§ Task requirements:
From the listing below, reproduce exactly the lines starting with the one with "this 1900×1268 image." and going on through the one with "Some of the text", both ends kept. No picture is copied.

§ Extracted information:
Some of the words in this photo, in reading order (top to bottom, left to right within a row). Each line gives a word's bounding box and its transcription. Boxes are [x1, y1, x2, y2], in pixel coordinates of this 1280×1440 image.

...

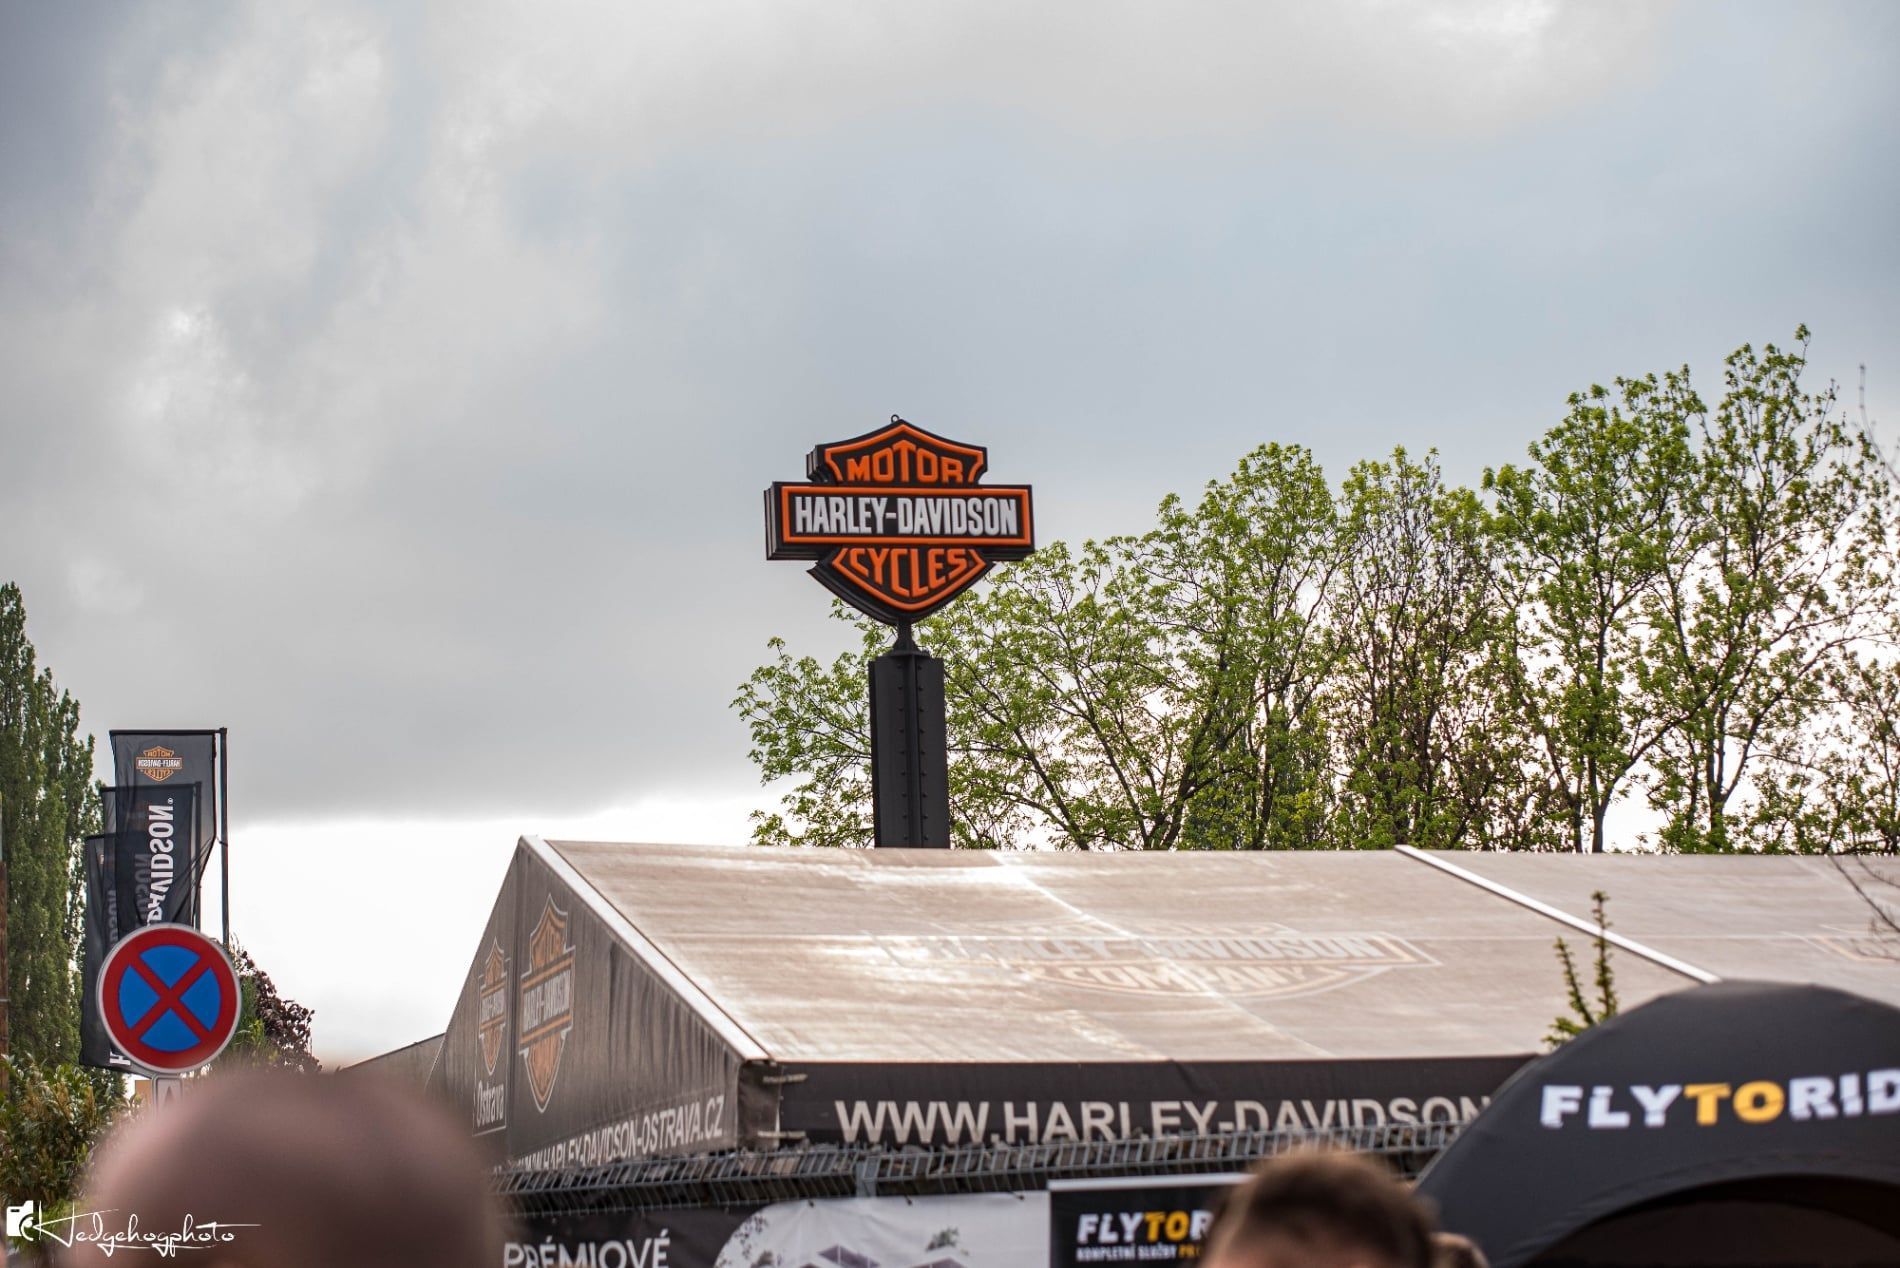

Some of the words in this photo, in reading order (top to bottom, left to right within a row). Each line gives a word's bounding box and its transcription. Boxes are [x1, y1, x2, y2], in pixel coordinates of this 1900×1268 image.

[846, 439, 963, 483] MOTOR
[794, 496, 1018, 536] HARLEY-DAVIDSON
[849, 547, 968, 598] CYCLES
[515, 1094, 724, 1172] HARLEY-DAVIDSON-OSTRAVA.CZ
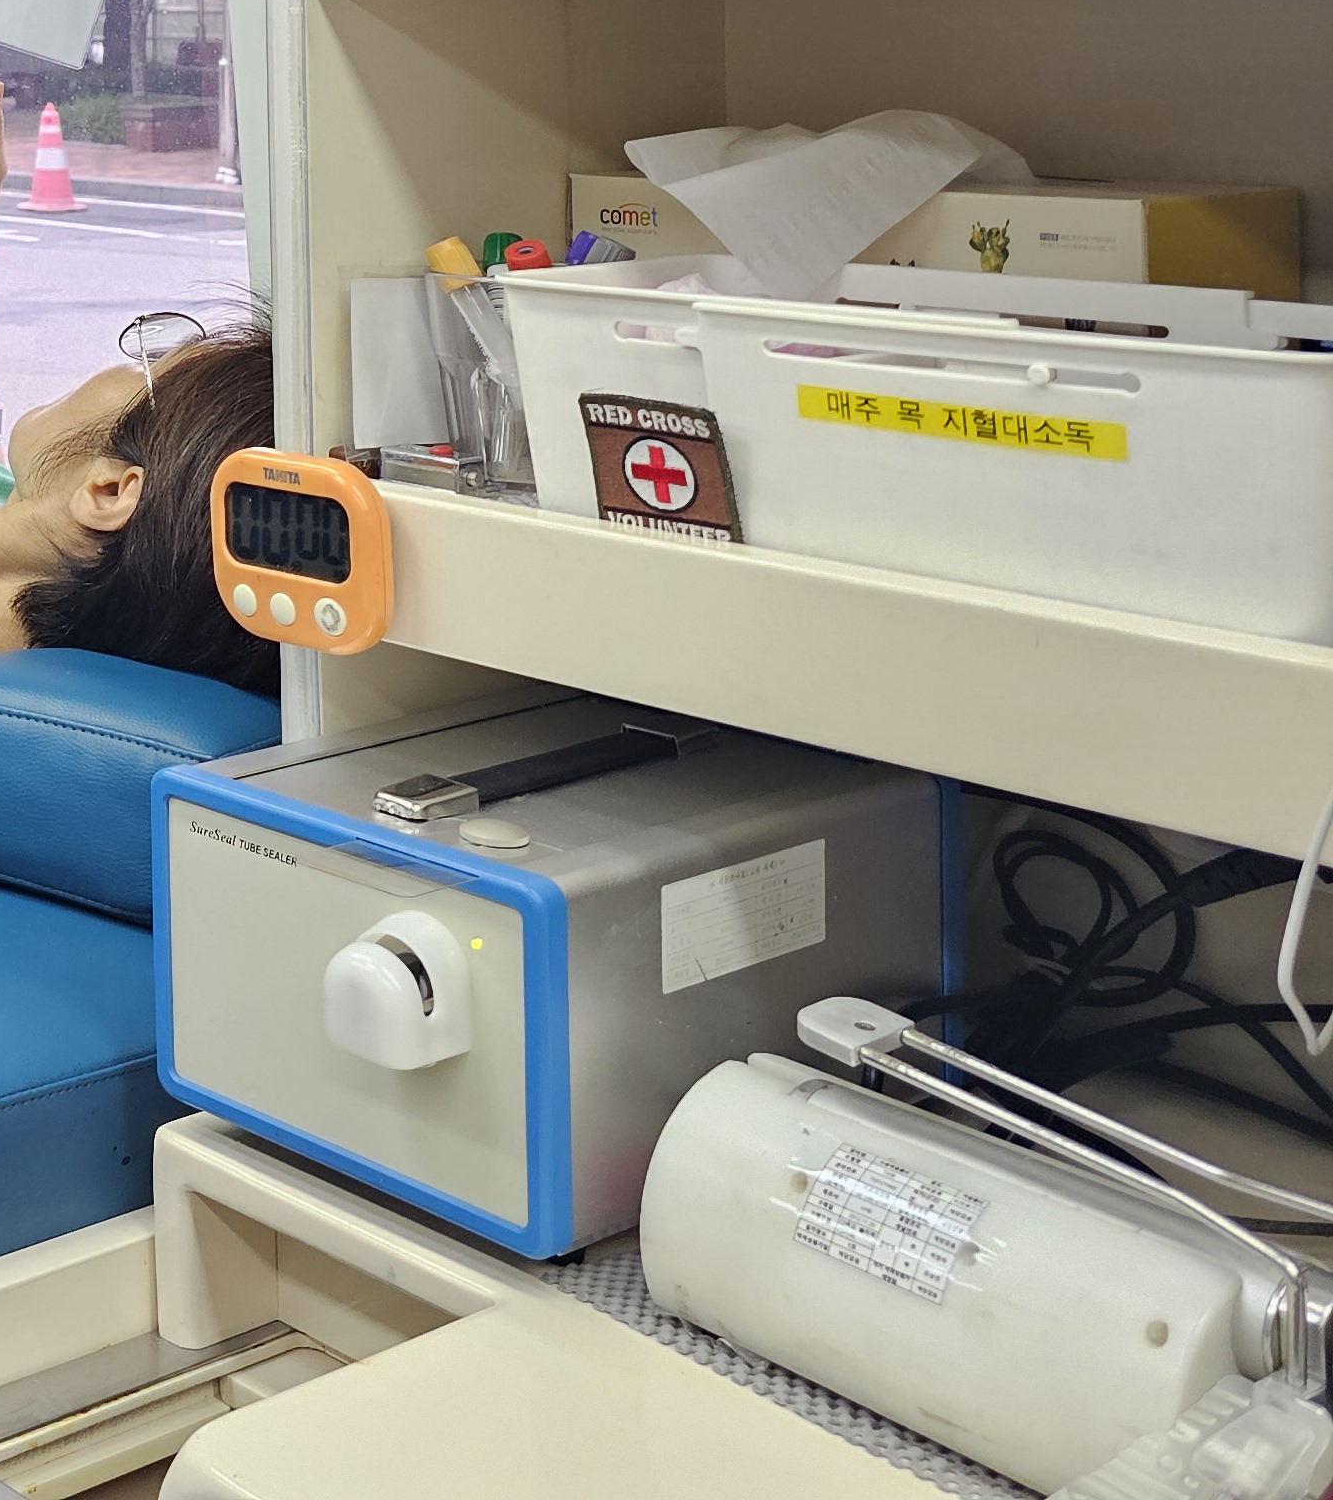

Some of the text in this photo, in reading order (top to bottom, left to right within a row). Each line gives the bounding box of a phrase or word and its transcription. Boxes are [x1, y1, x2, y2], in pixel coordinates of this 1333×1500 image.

§ Output of the exercise:
Some of the words in this photo, in reading order (top to bottom, left to right within a row). Each line gives a word's bounding box and its transcription. Boxes are [x1, y1, x2, y2], in pixel coordinates of this 1900×1268 image.

[846, 439, 963, 483] MOTOR
[794, 496, 1018, 536] HARLEY-DAVIDSON
[849, 547, 968, 598] CYCLES
[515, 1094, 724, 1172] HARLEY-DAVIDSON-OSTRAVA.CZ

Some of the text in this photo, in reading order (top to bottom, left to right within a row). Each line gives the bounding box of a phrase or word and its transcription. Boxes are [x1, y1, x2, y2], in pixel coordinates of this 1333×1500 image.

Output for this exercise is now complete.